Core training parameters

  • --lr: learning rate (default: 1e-2)

  • --gamma: discount factor (default: 0.95)

  • --batch-size: batch size (default: 800)

  • --num-units: number of units in the MLP (default: 128)

Training for prior network

  • --prior-buffer-size: prior network training buffer size

  • --prior-num-iter: prior network training iterations

  • --prior-training-rate: prior network training rate

  • --prior-training-percentile: control threshold for KL value to get labels

Checkpointing

  • --exp-name: name of the experiment, used as the file name to save all results (default: None)

  • --save-dir: directory where intermediate training results and model will be saved (default: "/tmp/policy/")

  • --save-rate: model is saved every time this number of episodes has been completed (default: 1000)
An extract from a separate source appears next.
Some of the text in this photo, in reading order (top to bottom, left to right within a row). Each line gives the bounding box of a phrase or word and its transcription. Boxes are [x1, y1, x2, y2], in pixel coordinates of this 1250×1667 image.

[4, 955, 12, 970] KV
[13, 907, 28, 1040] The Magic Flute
  • --load-dir: directory where training state and model are loaded from (default: "")

  • --plots-dir: directory where training curves are saved (default: "./learning_curves/")
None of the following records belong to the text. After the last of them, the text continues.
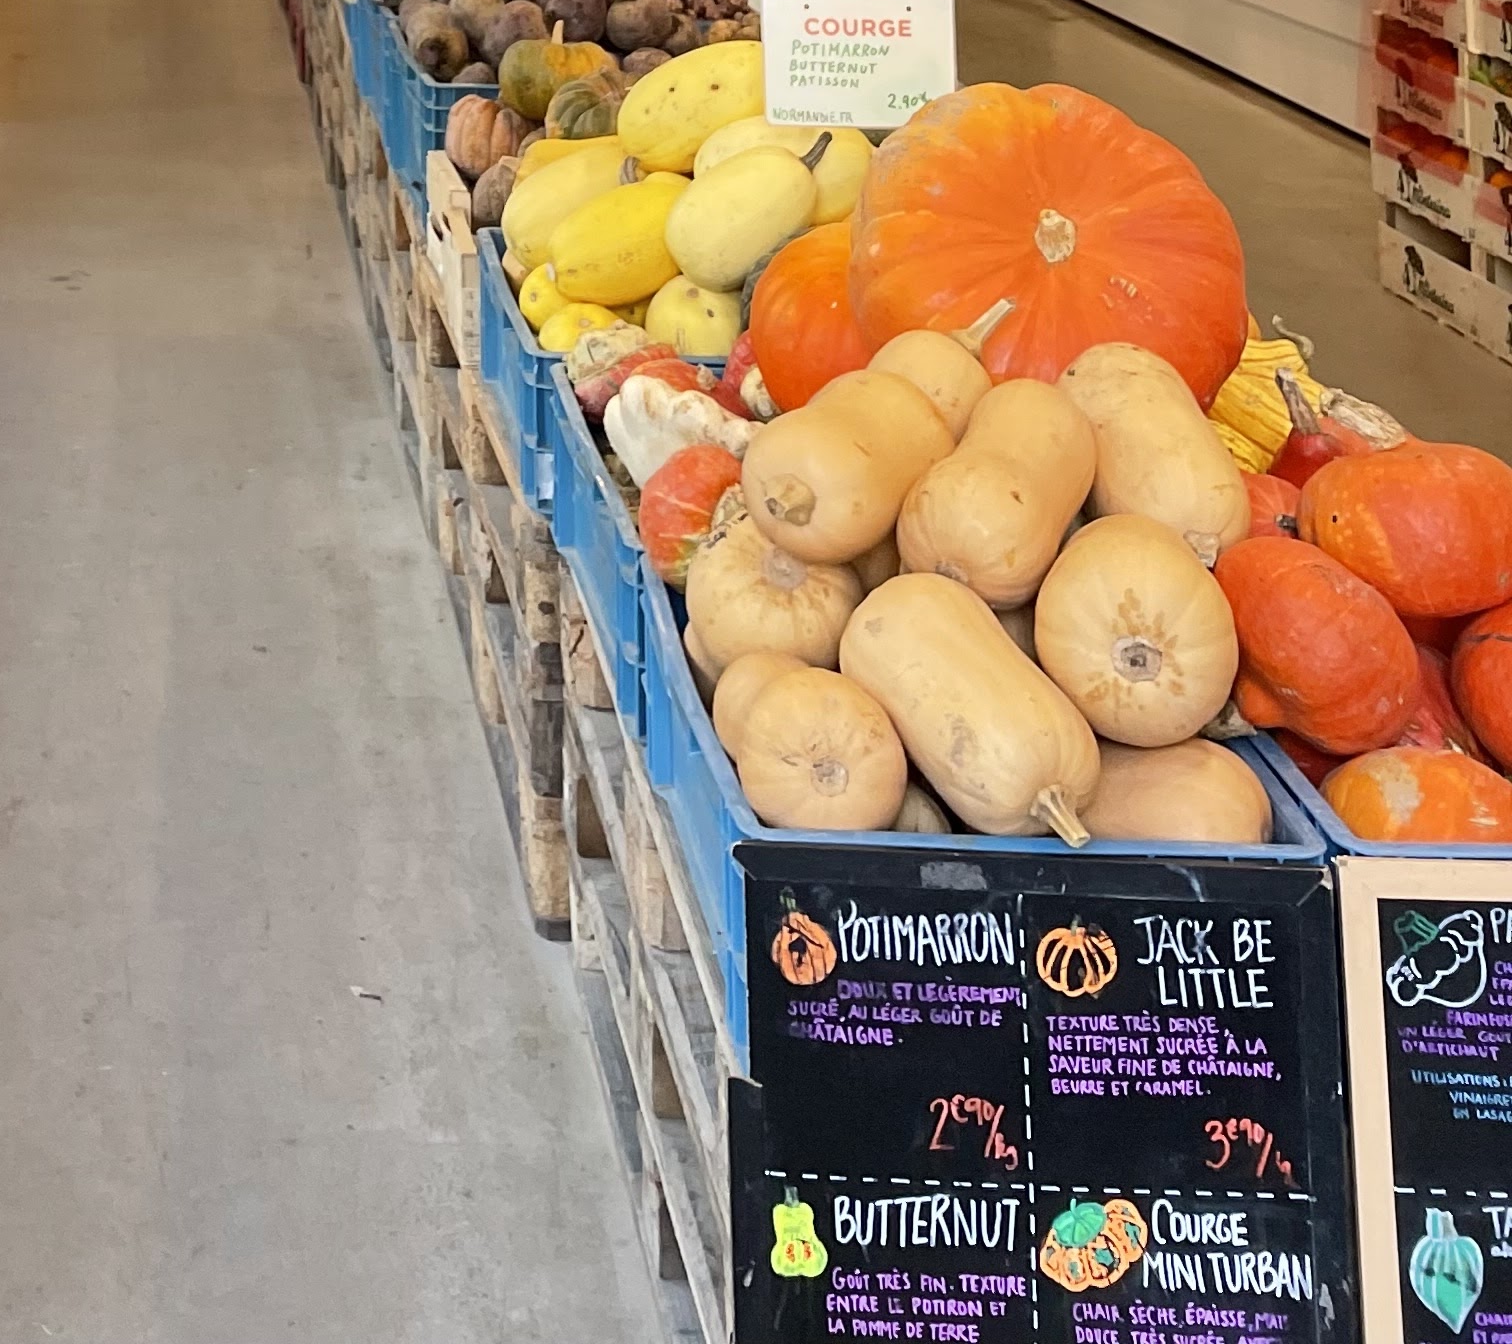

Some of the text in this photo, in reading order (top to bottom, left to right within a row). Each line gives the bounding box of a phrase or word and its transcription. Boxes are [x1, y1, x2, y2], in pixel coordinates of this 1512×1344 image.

[804, 17, 912, 38] COURGE
[791, 39, 890, 57] POTIMARRON
[789, 59, 878, 75] BUTTERNUT
[789, 74, 860, 88] PATISSON
[838, 900, 1015, 967] POTIMARRON
[1134, 914, 1276, 965] JACK BE
[892, 982, 913, 1000] ET
[1157, 965, 1274, 1009] LITTLE
[848, 1004, 868, 1022] AU
[930, 1004, 975, 1027] GOÛT
[980, 1010, 1003, 1027] DE
[1046, 1015, 1120, 1032] TEXTURE
[1123, 1010, 1161, 1033] TRÈS
[1048, 1036, 1149, 1056] NETTEMENT
[1156, 1033, 1219, 1056] SUCRÉE
[1246, 1037, 1268, 1055] LA
[1402, 1040, 1499, 1062] D'ARTICHAUT
[1048, 1054, 1114, 1075] SAVEUR
[1118, 1058, 1157, 1077] FINE
[1162, 1059, 1181, 1076] DE
[1051, 1078, 1105, 1096] BEURRE
[1111, 1080, 1128, 1096] ET
[834, 1193, 1020, 1252] BUTTERNUT
[1151, 1198, 1249, 1247] COURGE
[876, 1268, 911, 1291] TRÈS
[958, 1274, 1027, 1297] TEXTURE
[1143, 1251, 1313, 1301] MINI TURBAN
[826, 1293, 1006, 1317] ENTRE LE POTIRON ET
[828, 1318, 980, 1343] LA POMME DE TERRE
[1074, 1325, 1119, 1344] DOUCE
  • --restore_all: whether to restore existing I2C network

Training procedure

I2C be learned end-to-end or in a two-phase manner. This code is implemented for end-to-end manner which could take more training time compared with the latter manner

For Cooperative Navigation, python3 train.py --scenario 'cn' --prior-training-percentile 60 --lr 1e-2

For Predator Prey, python3 train.py --scenario 'pp' --prior-training-percentile 40 --lr 1e-3

Citations

If you are using the codes, please cite our paper.

Ziluo Ding, Tiejun Huang, and Zongqing Lu. Learning Individually Inferred Communication for Multi-Agent Cooperation. NeurIPS'20.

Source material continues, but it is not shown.